DATA FOR THE TASK =
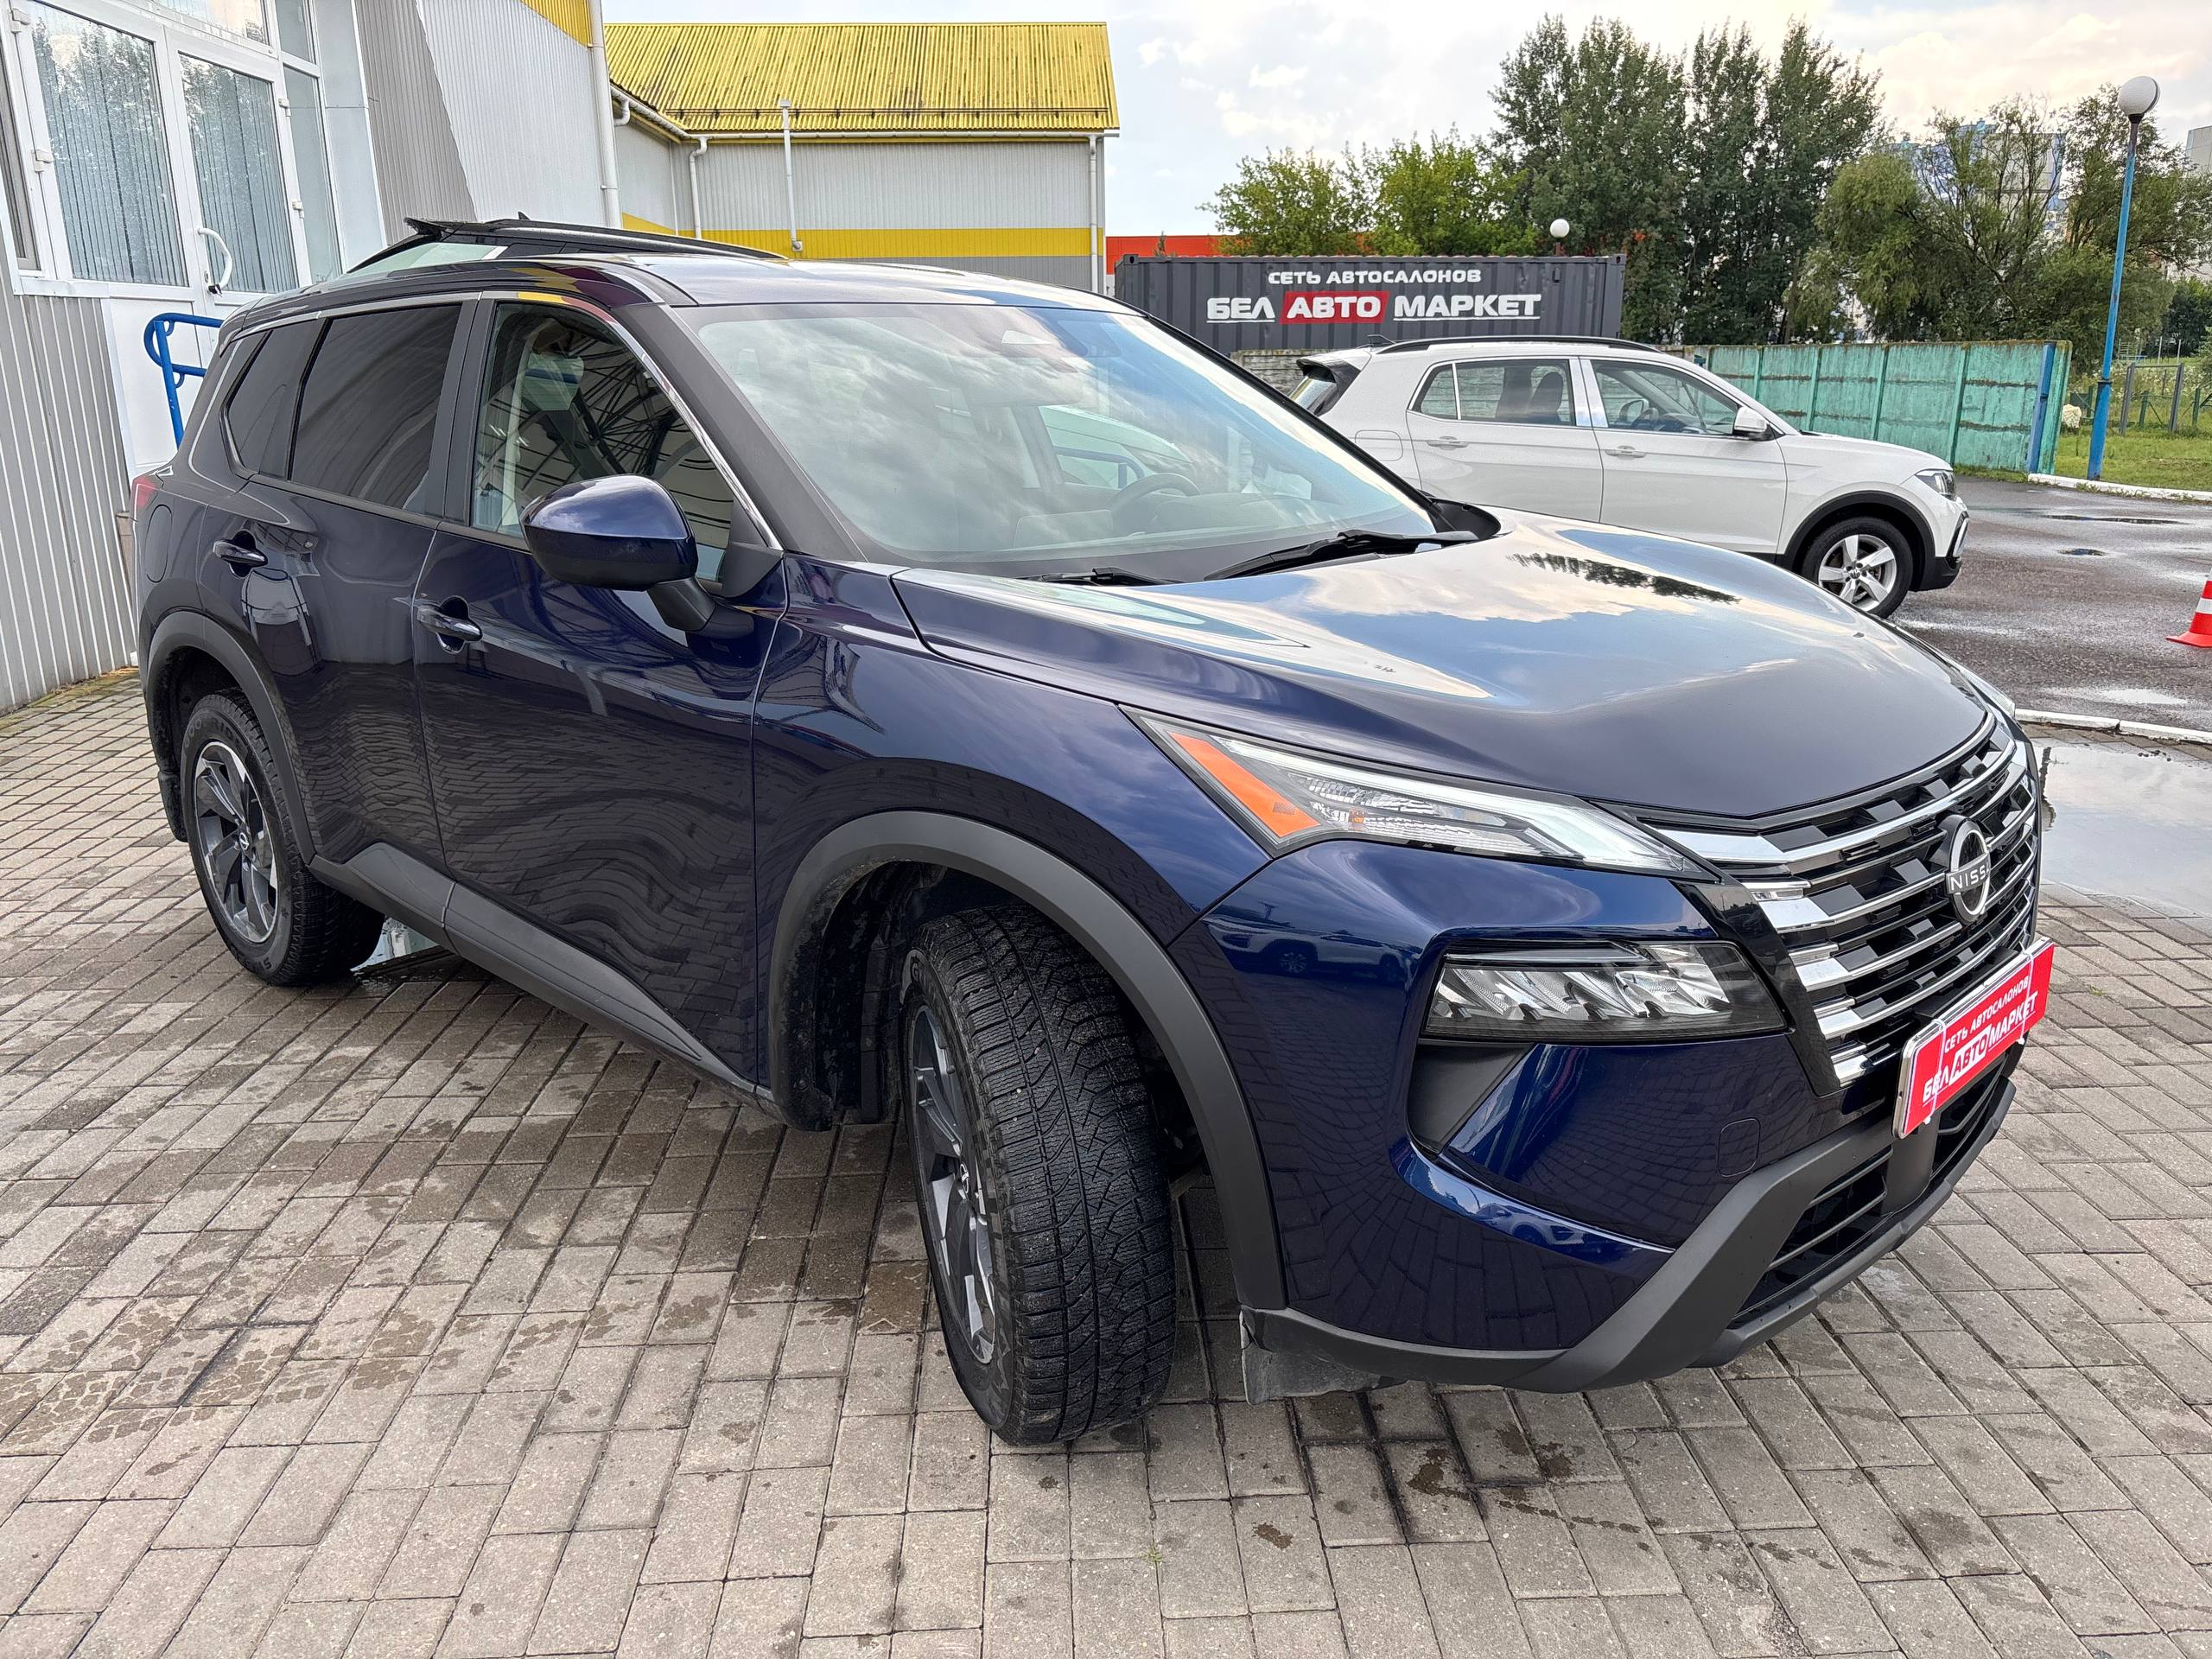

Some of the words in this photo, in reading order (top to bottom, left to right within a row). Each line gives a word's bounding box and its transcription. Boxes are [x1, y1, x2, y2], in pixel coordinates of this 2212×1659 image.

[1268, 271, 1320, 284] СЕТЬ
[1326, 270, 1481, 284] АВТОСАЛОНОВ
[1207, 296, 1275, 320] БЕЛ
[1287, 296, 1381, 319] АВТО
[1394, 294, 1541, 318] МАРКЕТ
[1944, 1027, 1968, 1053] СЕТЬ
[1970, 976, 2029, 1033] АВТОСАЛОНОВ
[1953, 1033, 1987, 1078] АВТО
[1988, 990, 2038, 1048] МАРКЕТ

EXERCISE GOAL = Return the records exactly as they stand, and drop every picture.

YOUR RESPONSE =
Some of the words in this photo, in reading order (top to bottom, left to right within a row). Each line gives a word's bounding box and its transcription. Boxes are [x1, y1, x2, y2], in pixel coordinates of this 2212×1659 image.

[1268, 271, 1320, 284] СЕТЬ
[1326, 270, 1481, 284] АВТОСАЛОНОВ
[1207, 296, 1275, 320] БЕЛ
[1287, 296, 1381, 319] АВТО
[1394, 294, 1541, 318] МАРКЕТ
[1944, 1027, 1968, 1053] СЕТЬ
[1970, 976, 2029, 1033] АВТОСАЛОНОВ
[1953, 1033, 1987, 1078] АВТО
[1988, 990, 2038, 1048] МАРКЕТ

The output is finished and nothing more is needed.